Common carriers are obliged to observe extraordinary diligence in the vigilance over the goods
transported by them. Accordingly, they are presumed to have been at fault or to have acted
negligently if the goods are lost, destroyed or deteriorated. There are very few instances when
the presumption of negligence does not attach and these instances are enumerated in Article
1734. 19 In those cases where the presumption is applied, the common carrier must prove that it
exercised extraordinary diligence in order to overcome the presumption.

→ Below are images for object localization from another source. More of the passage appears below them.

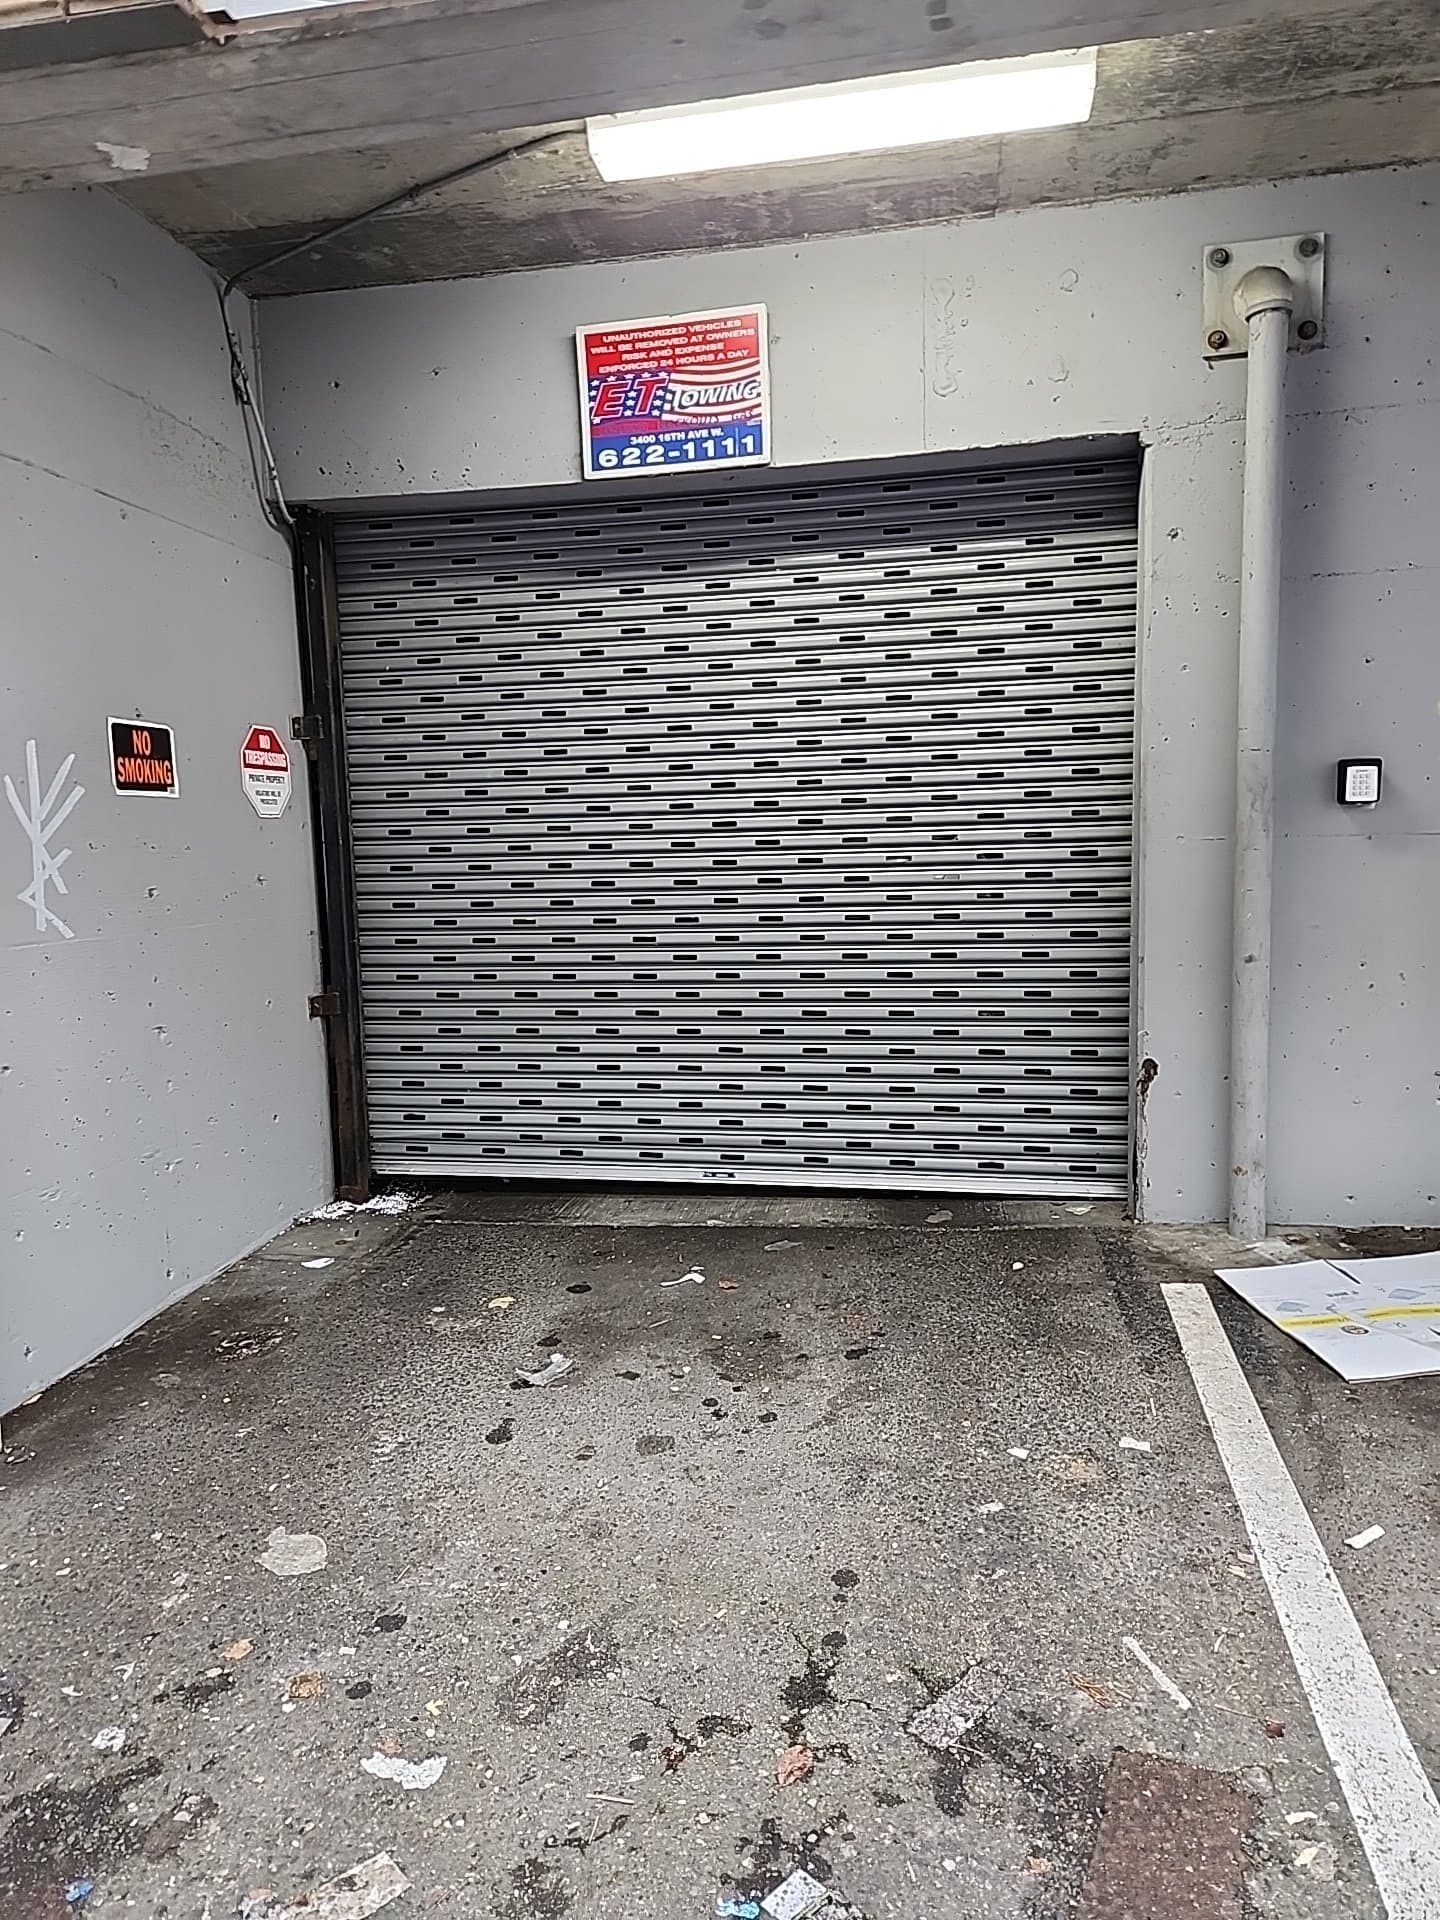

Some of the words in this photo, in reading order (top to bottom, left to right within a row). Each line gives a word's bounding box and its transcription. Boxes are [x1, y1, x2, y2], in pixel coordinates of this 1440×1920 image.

[591, 345, 616, 355] WILL
[618, 342, 634, 352] BE
[637, 336, 688, 350] REMOVED
[690, 334, 704, 343] AT
[706, 328, 755, 341] OWNERS
[602, 326, 687, 343] UNAUTHORIZED
[688, 319, 742, 334] VEHICLES
[599, 361, 658, 374] ENFORCED
[659, 358, 674, 367] 24
[675, 353, 715, 365] HOURS
[716, 351, 726, 361] A
[727, 349, 750, 359] DAY
[621, 350, 648, 361] RISK
[649, 347, 674, 358] AND
[674, 342, 725, 356] EXPENSE
[630, 434, 656, 445] 3400
[687, 429, 709, 440] AVE
[598, 435, 754, 468] 622-1111
[132, 729, 151, 756] NO
[258, 734, 271, 750] NO
[117, 756, 173, 785] SMOKING
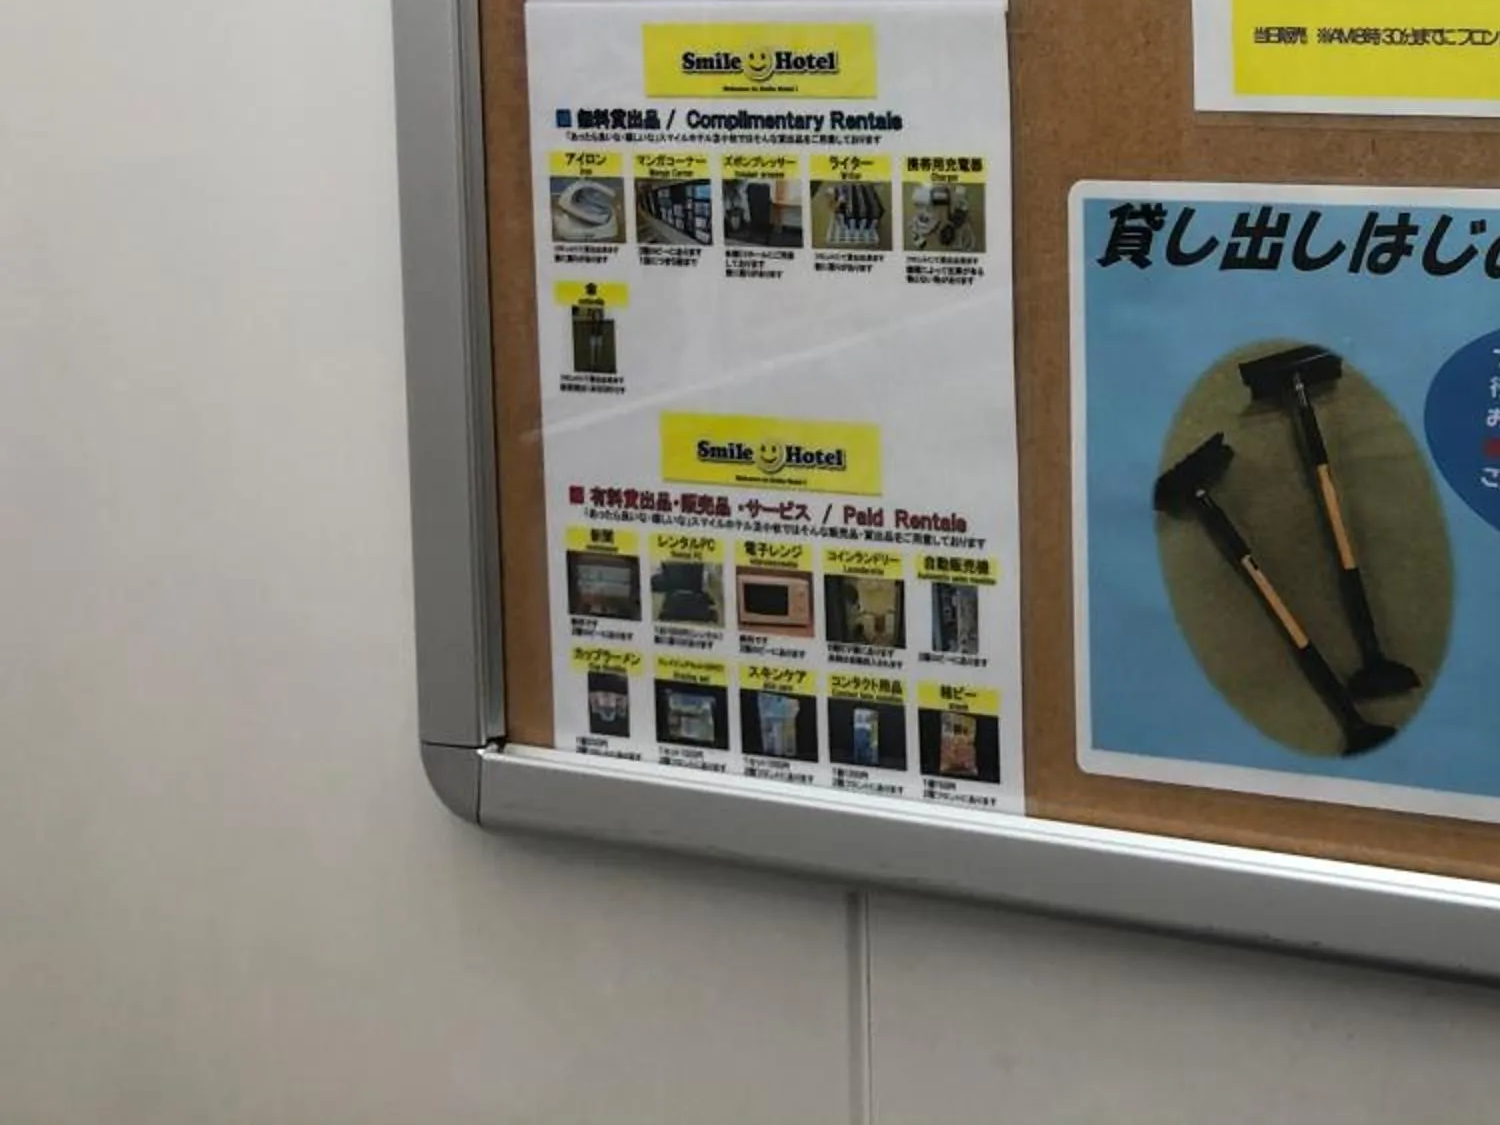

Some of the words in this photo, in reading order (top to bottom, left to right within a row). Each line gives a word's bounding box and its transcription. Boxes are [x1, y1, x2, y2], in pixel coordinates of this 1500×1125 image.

[682, 50, 743, 74] Smile
[774, 49, 839, 74] Hotel
[687, 110, 824, 134] Complimentary
[565, 152, 608, 166] アイロン
[636, 155, 707, 167] マンガコーナー
[829, 156, 873, 170] ライター
[697, 441, 753, 462] Smile
[784, 445, 845, 468] Hotel
[843, 505, 884, 526] Paid
[744, 540, 804, 559] 電子レンジ
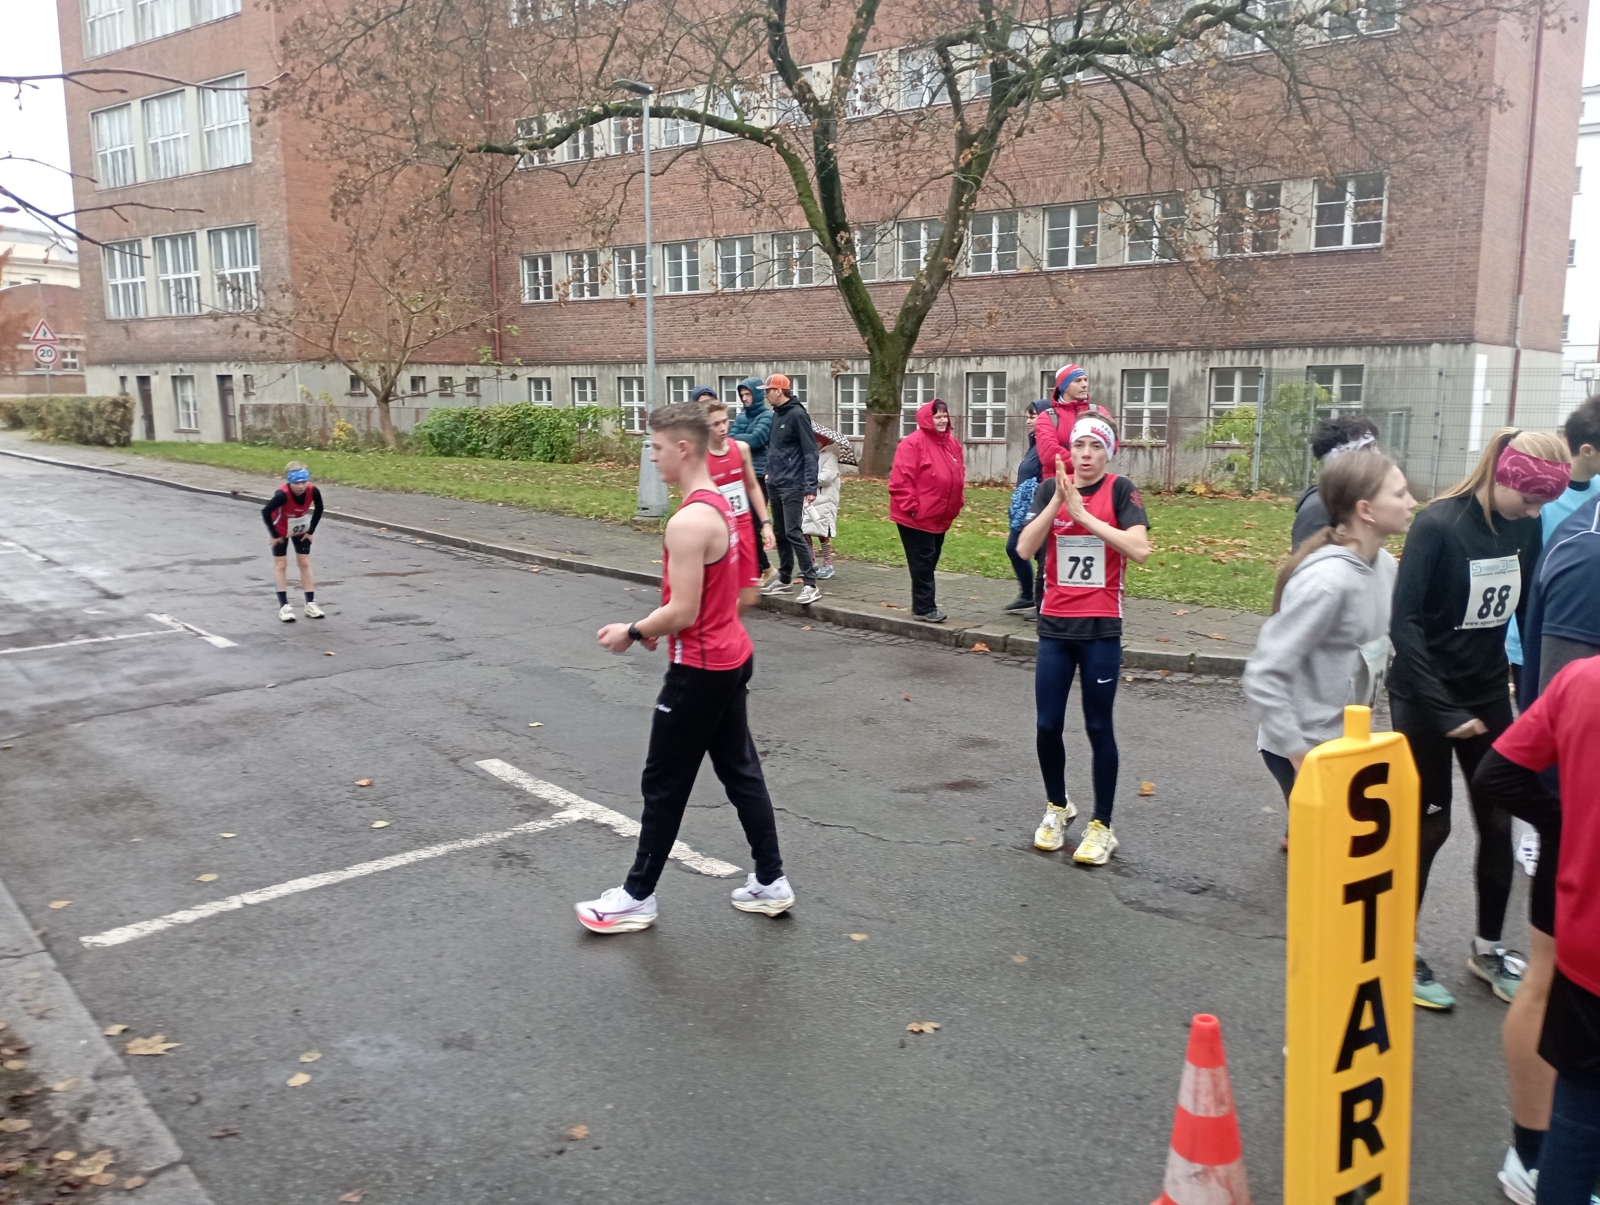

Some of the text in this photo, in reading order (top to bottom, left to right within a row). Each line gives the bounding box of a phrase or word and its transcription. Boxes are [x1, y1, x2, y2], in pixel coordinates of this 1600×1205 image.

[40, 349, 53, 357] 20
[1067, 556, 1095, 580] 78
[1477, 585, 1512, 620] 88

In this case, petitioner alleged that hijacking constituted force majeure which exculpated her
from liability for the loss of the cargo. In De Guzman vs. Court of Appeals, the Court held that
hijacking, not being included in the provisions of Article 1734, must be dealt with under the
provisions of Article 1735 and thus, the common carrier is presumed to have been at fault or
negligent. To exculpate the carrier from liability arising from hijacking, he must prove that the
robbers or the hijackers acted with grave or irresistible threat, violence, or force. This is in
accordance with Article 1745 of the Civil Code which provides:

“Art. 1745. Any of the following or similar stipulations shall be considered unreasonable, unjust
and contrary to public policy; xx

(6) That the common carrier’s liability for acts committed by thieves, or of robbers who do not
act with grave or irresistible threat, violences or force, is dispensed with or diminished;” xx

NOTES:
1. She cited as evidence certain affidavits which referred to the contract as “lease”. These
affidavits were made by Jesus Bascos and by petitioner herself and Cipriano and CIPTRADE did
not object to the presentation of affidavits by petitioner where the transaction was referred to as a
lease contract. Both the trial and appellate courts have dismissed them as self-serving and
petitioner contests the conclusion. We are bound by the appellate court’s factual conclusions.
Yet, granting that the said evidence were not self-serving, the same were not sufficient to prove
that the contract was one of lease. It must be understood that a contract is what the law defines it
to be and not what it is called by the contracting parties. Furthermore, petitioner presented no
other proof of the existence of the contract of lease. He who alleges a fact has the burden of
proving it.

2. Having affirmed the findings of the respondent Court on the substantial issues involved, We
find no reason to disturb the conclusion that the motion to lift/dissolve the writ of preliminary
attachment has been rendered moot and academic by the decision on the merits.